For the Polish Baltic coastal zone, analysis revealed a statistically significant (significance level p < 0.05, correlation coefficient r > 0.3) positive trend in the occurrence of extreme events (95%), air temperature, and sea level (Figure 4). For average air temperature, as well as maximum and average sea level, analysis revealed an increase in the number of events to three every 10 years. For maximum air temperature, the increase was lower, i.e., to two days every 10 years. For the quantile analysis, the annual numbers of extreme thermal events ranged as follows: from 10 in 1977 and 1980 to 45 in 2006 for maximum temperature; from 70 in 1977 to 48 in 2006 for average temperature; and from 1 in 1977 and 1990 to 52 in 1969 for minimum temperature. Extreme precipitation occurrences ranged from seven in 1975, 1982, and 2005, to 23 in 2002. Extreme maximum sea level occurrences ranged widely from three in 1966 to 67 in 1983.

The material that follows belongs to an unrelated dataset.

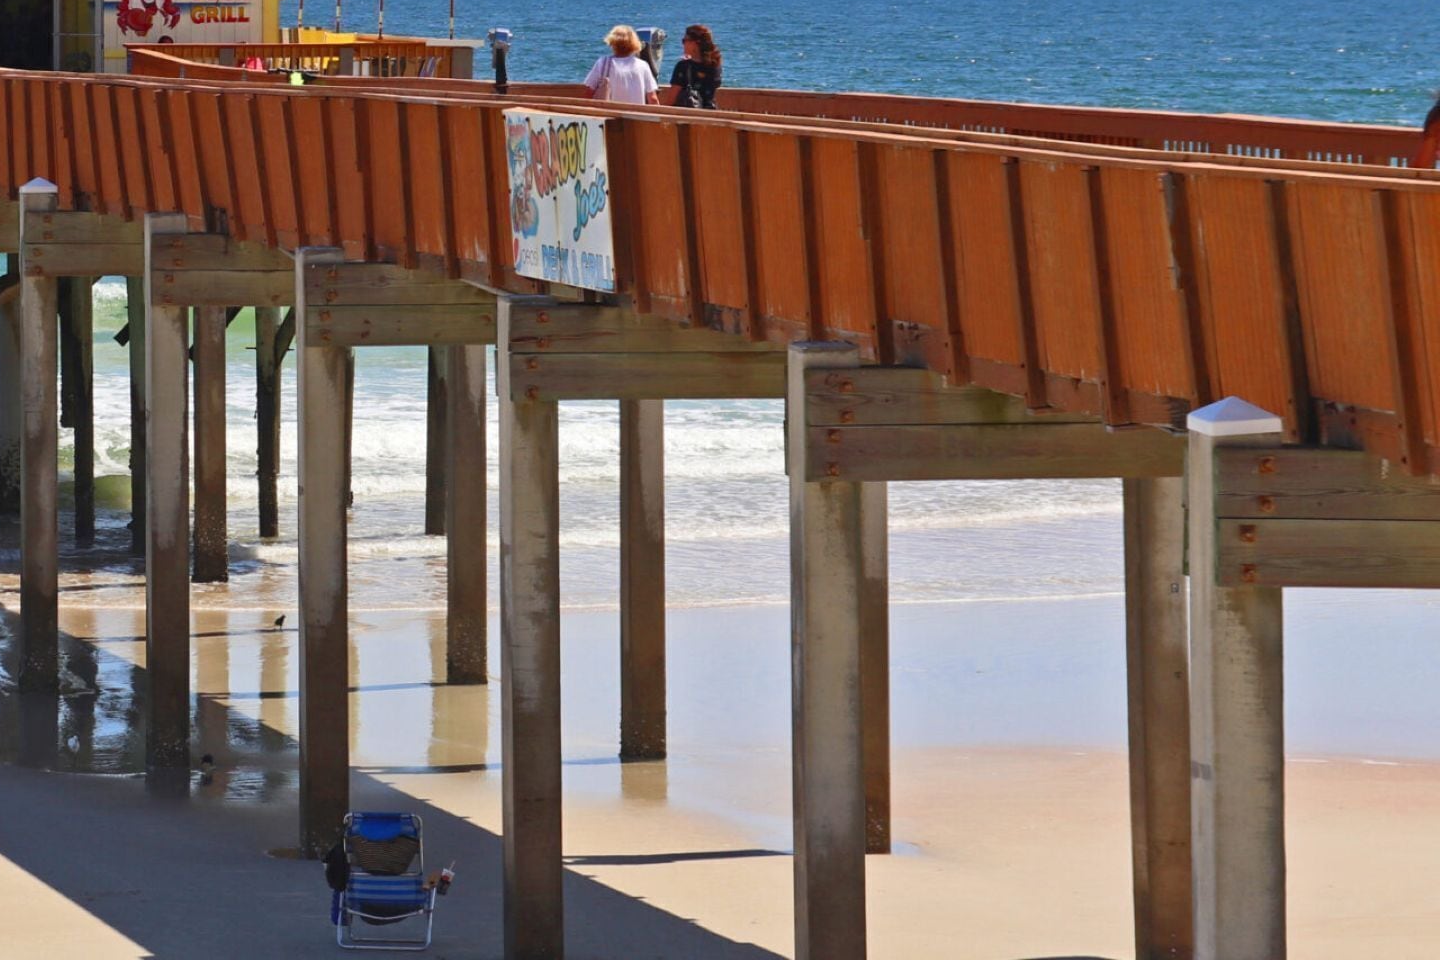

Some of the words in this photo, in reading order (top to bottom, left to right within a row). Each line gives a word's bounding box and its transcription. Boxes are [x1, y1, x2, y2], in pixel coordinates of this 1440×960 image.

Analysis of occurrence of extreme hydrometeorological events showed a high variability in time and space. In the whole coastal zone, the most extreme thermal events (over 100 cases in the five-year period) took place in the last three pentads (at the beginning of the 21st century) of the analyzed long-term period 1965–2104. This situation confirms the regularity of climate warming on the South Baltic coast. However, the occurrence of extreme precipitation and sea level was characterized by a large time-space heterogeneity. For example, a high frequency (over 50 days in the five-year period) of extreme rainfall events was recorded in Świnoujście in the last pentad (2010–2014) of the long-term period (1965–2014). On the other hand, in Ustka, the most extreme precipitation events were found in the periods 1969–1974 and 1995–1999. In the case of high sea level, the most extreme events (over 100 in the five-year period) occurred in the pentad 1980–1984 and the beginning of the twenty-first century (2000–2014) (Figure 5).

4. Discussion

The methodology of separation, the threshold values for extreme events, and the temporal and spatial regularities of hydrometeorological conditions in this work are consistent with those in other works, especially those from the Baltic countries [9,13,25,26,27,28,29,30,31].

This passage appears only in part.